WHAT THE TASK REQUIRES:
A verbatim copy of all the data is required, minus any images.

[INFORMATION PROVIDED Boundary: Start]

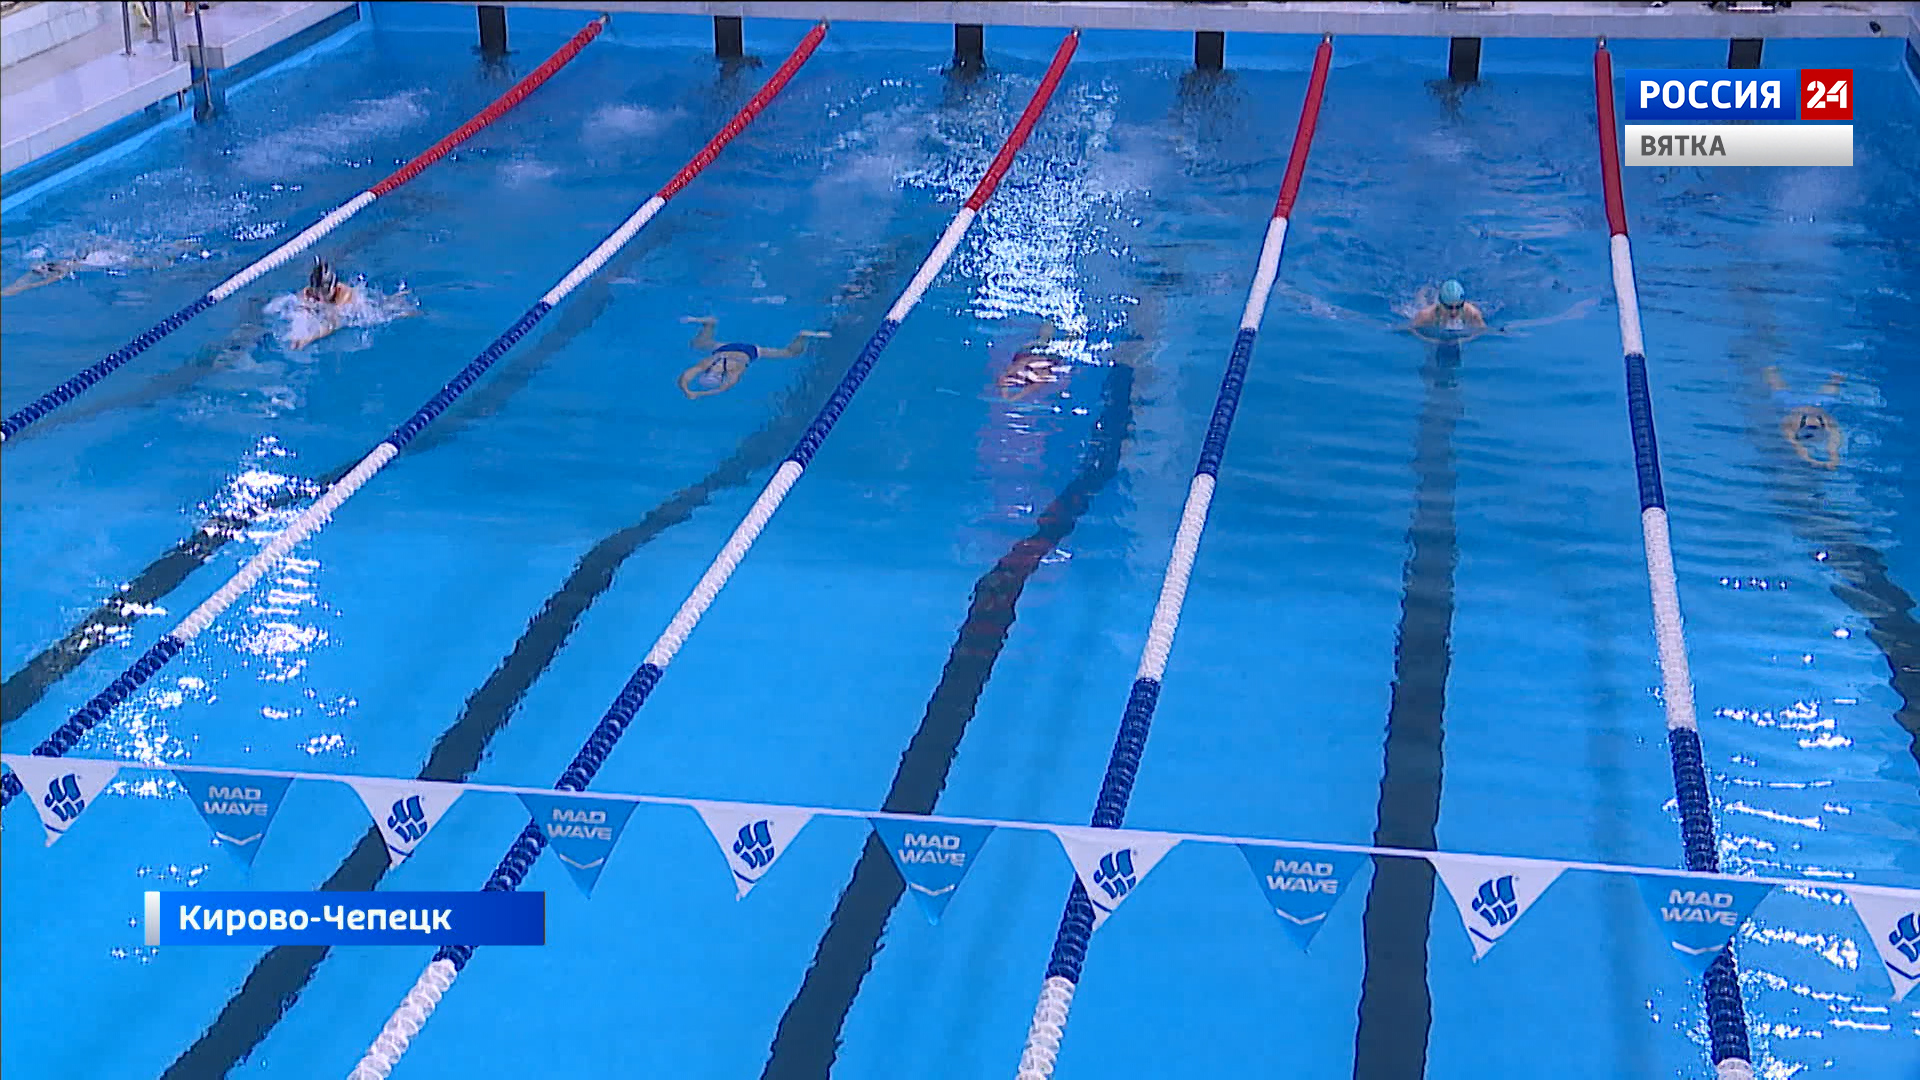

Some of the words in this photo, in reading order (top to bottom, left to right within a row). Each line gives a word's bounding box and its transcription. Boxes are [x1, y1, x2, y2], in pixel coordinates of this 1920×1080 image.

[208, 785, 262, 800] MAD
[203, 801, 268, 816] WAVE
[552, 808, 607, 824] MAD
[546, 824, 613, 841] WAVE
[903, 833, 961, 849] MAD
[898, 849, 966, 867] WAVE
[1273, 859, 1334, 876] MAD
[1266, 875, 1339, 894] WAVE
[1668, 889, 1735, 908] MAD
[1660, 907, 1739, 926] WAVE
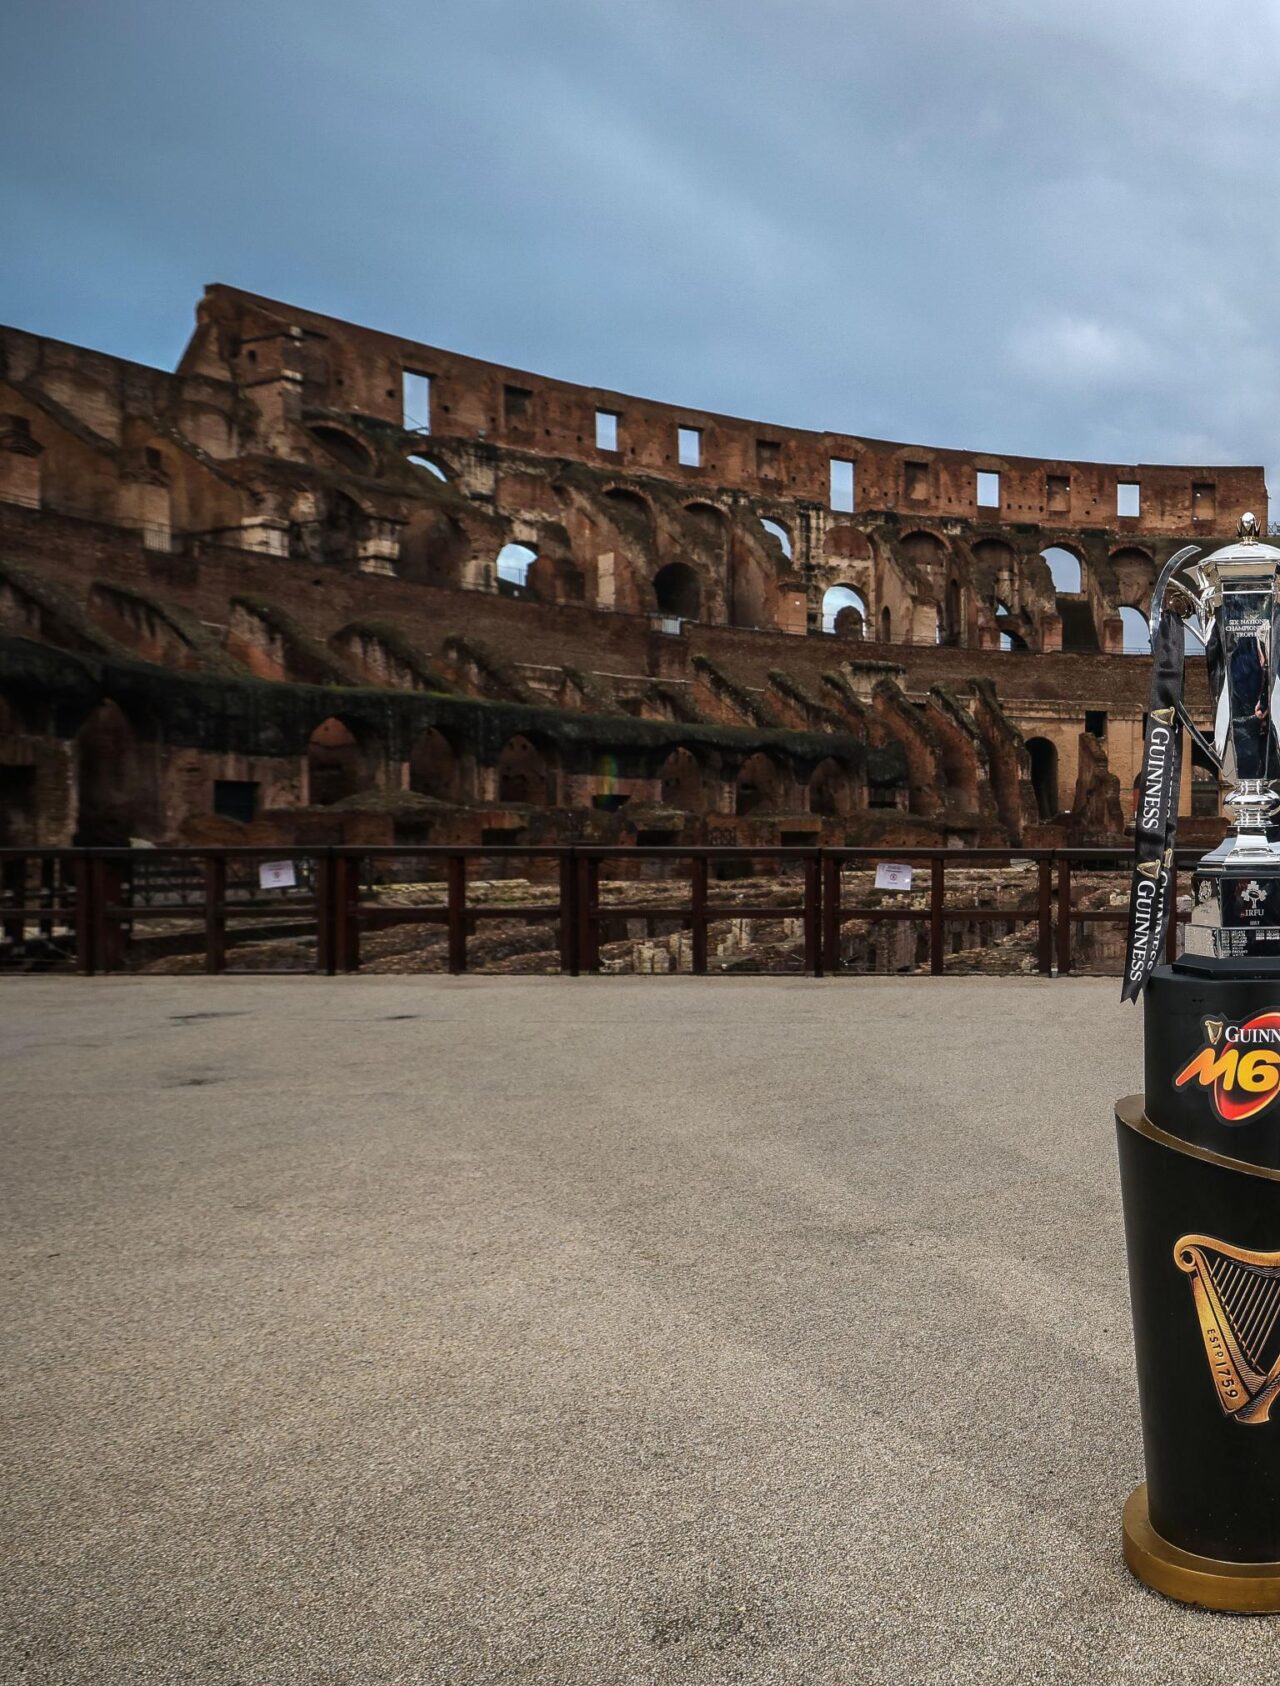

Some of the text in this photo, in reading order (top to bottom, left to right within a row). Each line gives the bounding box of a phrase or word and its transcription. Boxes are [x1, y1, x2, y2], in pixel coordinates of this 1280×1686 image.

[1142, 727, 1170, 829] GUINNESS
[1130, 880, 1156, 981] GUINNESS
[1215, 1362, 1239, 1398] 1759
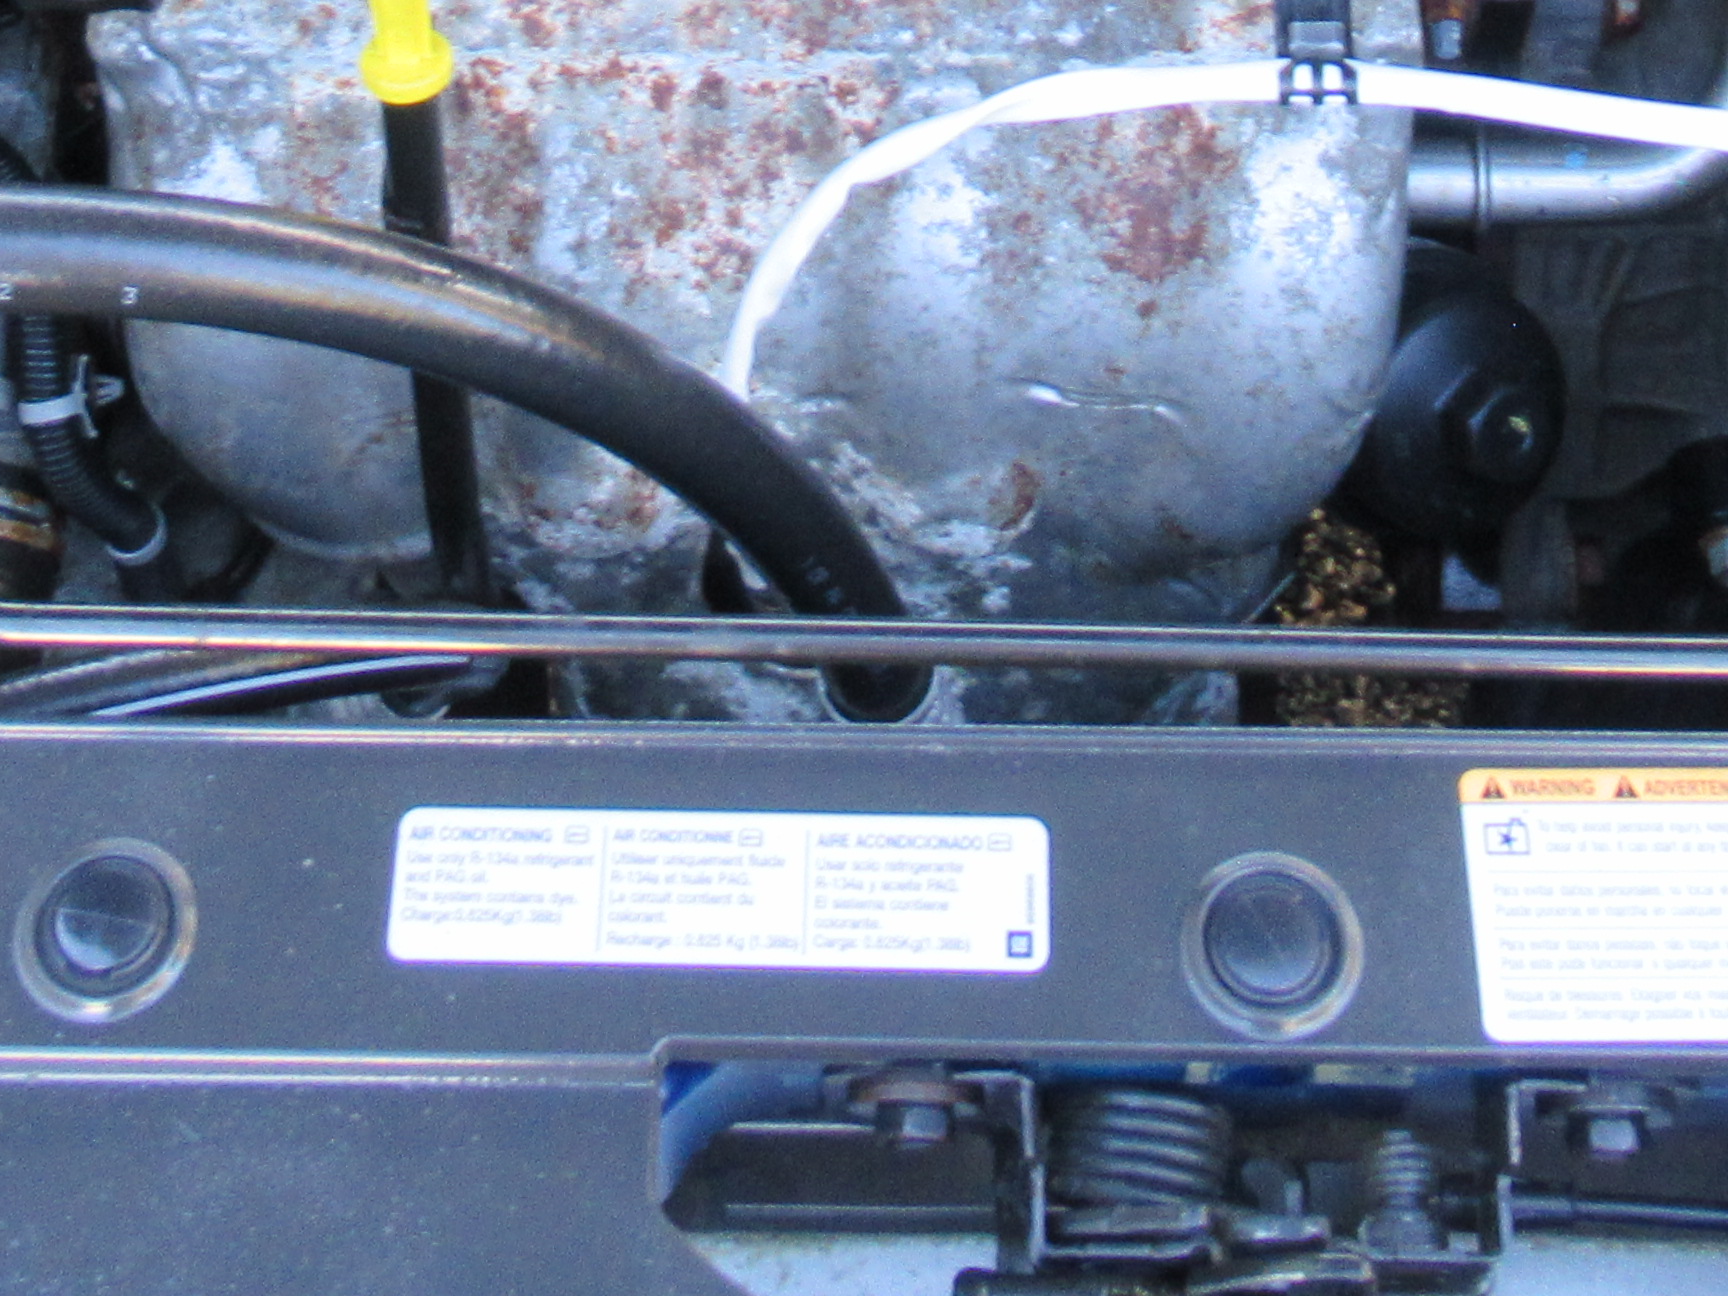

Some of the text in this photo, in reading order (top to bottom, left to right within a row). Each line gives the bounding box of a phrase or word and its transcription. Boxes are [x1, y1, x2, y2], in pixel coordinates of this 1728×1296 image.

[1510, 779, 1596, 797] WARNING
[438, 826, 553, 843] CONDITIONING
[854, 833, 984, 851] ACONDICIONADO

[INFORMATION PROVIDED Boundary: End]

TASK ANSWER:
Some of the words in this photo, in reading order (top to bottom, left to right within a row). Each line gives a word's bounding box and its transcription. Boxes are [x1, y1, x2, y2], in pixel coordinates of this 1920×1080 image.

[208, 785, 262, 800] MAD
[203, 801, 268, 816] WAVE
[552, 808, 607, 824] MAD
[546, 824, 613, 841] WAVE
[903, 833, 961, 849] MAD
[898, 849, 966, 867] WAVE
[1273, 859, 1334, 876] MAD
[1266, 875, 1339, 894] WAVE
[1668, 889, 1735, 908] MAD
[1660, 907, 1739, 926] WAVE

Some of the text in this photo, in reading order (top to bottom, left to right within a row). Each line gives the bounding box of a phrase or word and its transcription. Boxes are [x1, y1, x2, y2], in pixel coordinates of this 1280×1686 image.

[1142, 727, 1170, 829] GUINNESS
[1130, 880, 1156, 981] GUINNESS
[1215, 1362, 1239, 1398] 1759

Some of the text in this photo, in reading order (top to bottom, left to right within a row). Each line gives the bounding box of a phrase or word and its transcription. Boxes are [x1, y1, x2, y2], in pixel coordinates of this 1728×1296 image.

[1510, 779, 1596, 797] WARNING
[438, 826, 553, 843] CONDITIONING
[854, 833, 984, 851] ACONDICIONADO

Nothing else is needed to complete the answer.